** Exercise **
What you return must match the listing below line for line, minus its pictures.

** Excerpted data **
------------------------------------------------------------------------

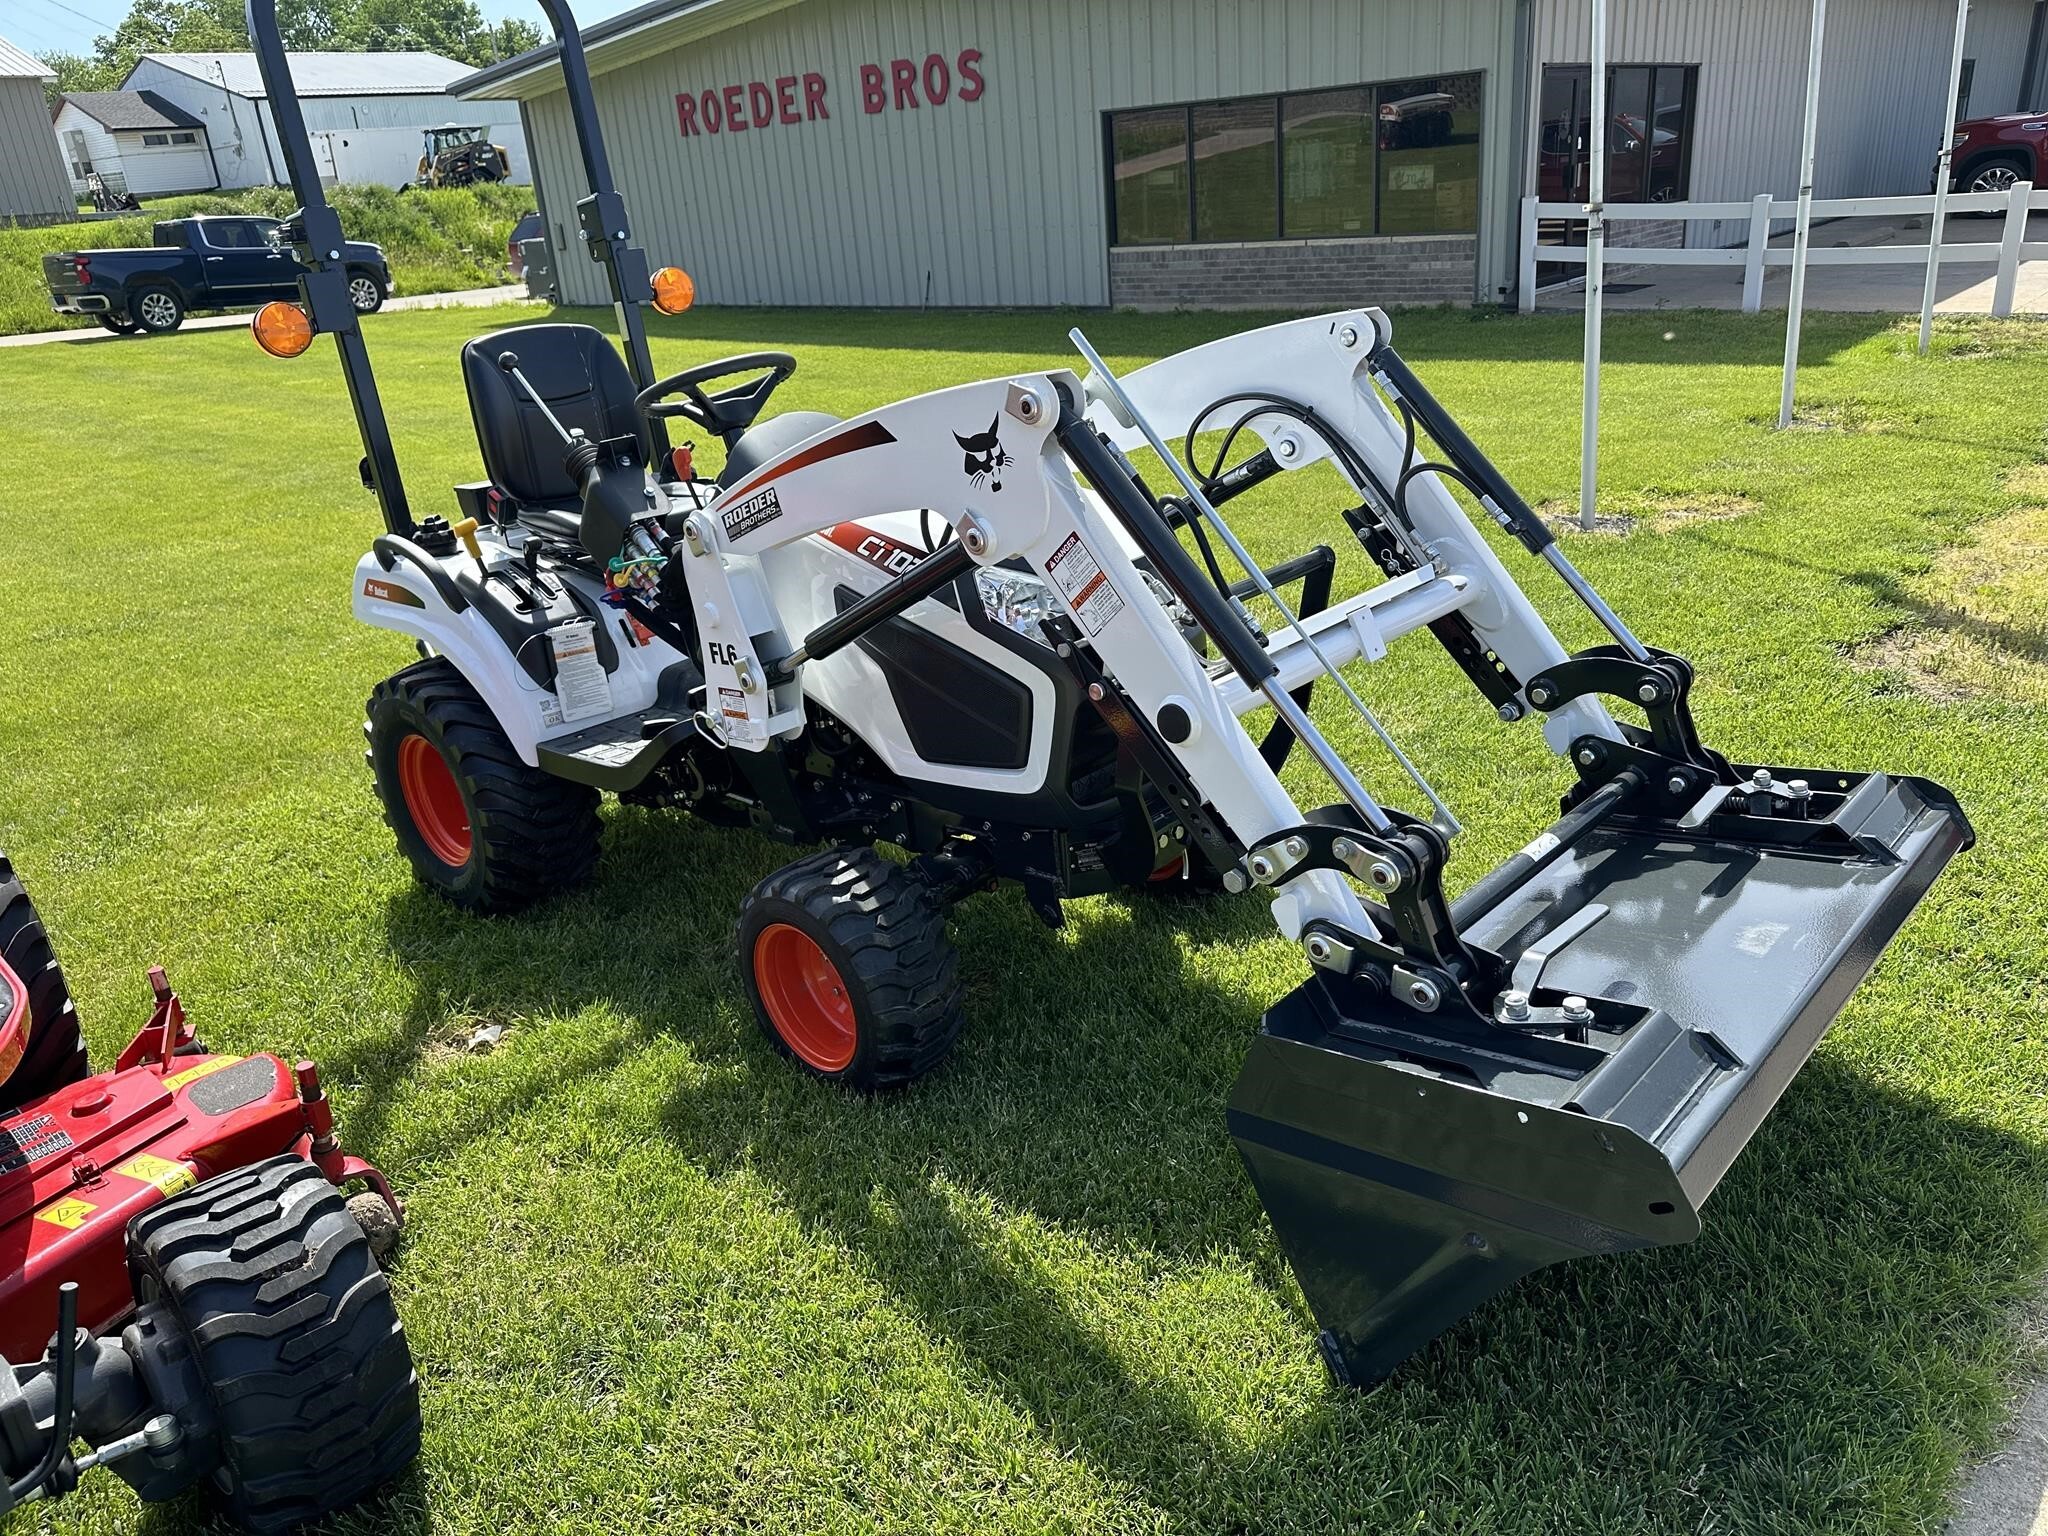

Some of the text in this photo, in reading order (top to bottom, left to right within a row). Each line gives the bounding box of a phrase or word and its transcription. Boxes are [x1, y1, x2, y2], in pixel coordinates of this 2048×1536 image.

[675, 48, 985, 137] ROEDER BROS
[724, 489, 776, 528] ROEDER
[740, 504, 776, 530] BROTHERS
[1053, 536, 1077, 563] DANGER
[1079, 575, 1103, 604] WARNING
[709, 642, 738, 666] FL6

------------------------------------------------------------------------

** Task answer **
Some of the text in this photo, in reading order (top to bottom, left to right within a row). Each line gives the bounding box of a phrase or word and its transcription. Boxes are [x1, y1, x2, y2], in pixel coordinates of this 2048×1536 image.

[675, 48, 985, 137] ROEDER BROS
[724, 489, 776, 528] ROEDER
[740, 504, 776, 530] BROTHERS
[1053, 536, 1077, 563] DANGER
[1079, 575, 1103, 604] WARNING
[709, 642, 738, 666] FL6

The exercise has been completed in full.